Image from 'In Plain Sight' pilot episode

The USA Network has renewed its new crime drama series In Plain Sight after the show’s first run of twelve episodes this summer. Although the writers and performers had some difficulties establishing the lead character as someone viewers would want to watch week after week, they resolved the problems after the first couple of episodes, and the program earned good enough ratings to merit renewal.

USA also announced that a new series based on the network’s 2007 comedy-drama mini-series The Starter Wife, starring Debra Messing, will premiere this October 10.

In addition, the cable channel announced three new drama series have been approved for production.

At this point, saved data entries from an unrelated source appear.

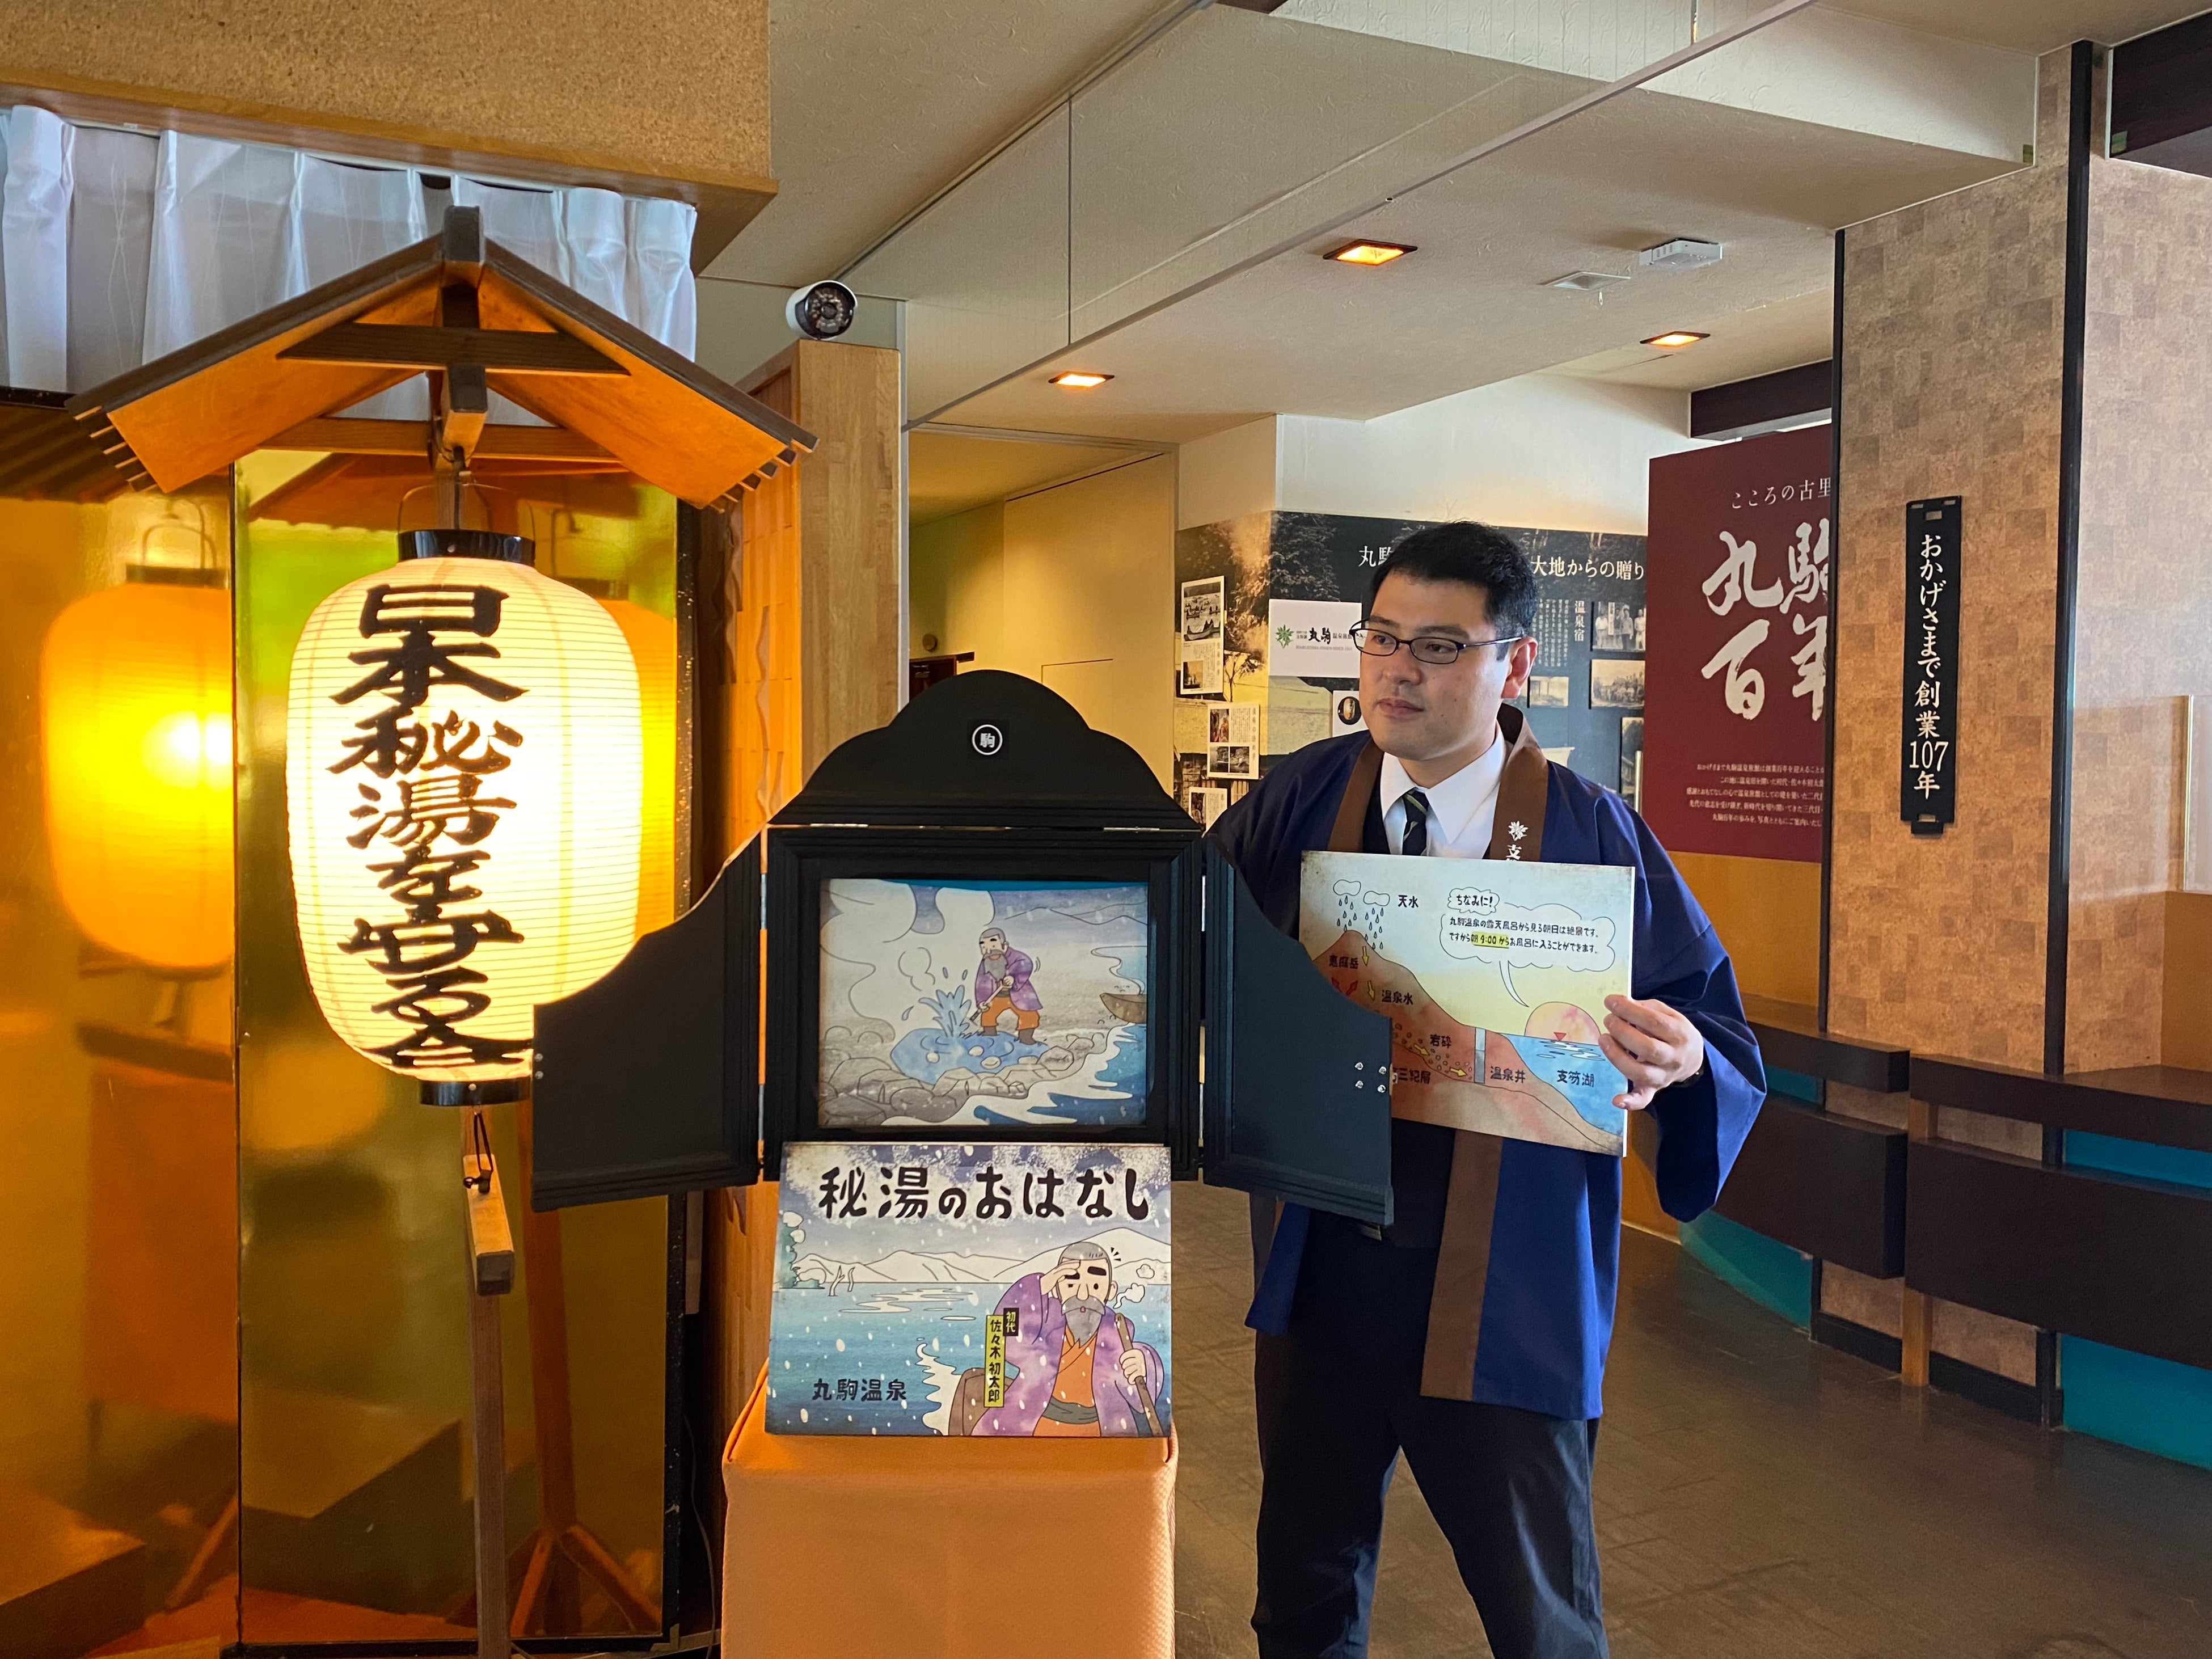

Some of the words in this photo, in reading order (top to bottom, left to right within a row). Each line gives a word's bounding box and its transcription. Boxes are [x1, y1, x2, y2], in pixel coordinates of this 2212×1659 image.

[1732, 477, 1831, 509] こころの古里
[1531, 555, 1644, 580] 大地からの贈り
[1574, 600, 1585, 641] 温泉宿
[1910, 534, 1948, 799] おかげさまで創業107年
[1398, 894, 1419, 909] 天水
[1382, 990, 1413, 1004] 温泉水
[1491, 1066, 1526, 1083] 温泉井
[1557, 1070, 1594, 1087] 支笏湖
[818, 1166, 1149, 1220] 秘湯のおはなし
[1006, 1311, 1016, 1333] 初代
[989, 1320, 1002, 1402] 佐々木初太郎
[813, 1378, 907, 1402] 丸駒温泉

Covert Affairs is about a CIA linguist partnered with an ex-boyfriend, Operating Instructions (executive produced by NBC talk host Conan O’Brien) follows an inner-city surgeon after returning  home from Iraq, and Stiffs is about a single father who transports bodies for a morgue and solves homicides with his medical-examiner brother.

Although all three of the new pilots sound either overly arch or as if they are trying too hard for significance, the USA Network has a good track record of creating shows that somehow manage to work as good series television—programs that entertain and enlighten without pretending to great profundity. The continuing success of the USA Network in producing drama series that consistently have writing and performances on a par with programs on the broadcast networks shows the continuing breakup of the networks’ hegemony over TV viewing habits.

With cable networks continuing to strengthen their slate of weekly dramas, they are breaking into the broadcast giants’ last bastion of superiority. Thus television is undergoing the same process as the rest of the communications industry, as old giants fall and are replaced by leaner, more agile providers who are more responsive to consumers’ wishes.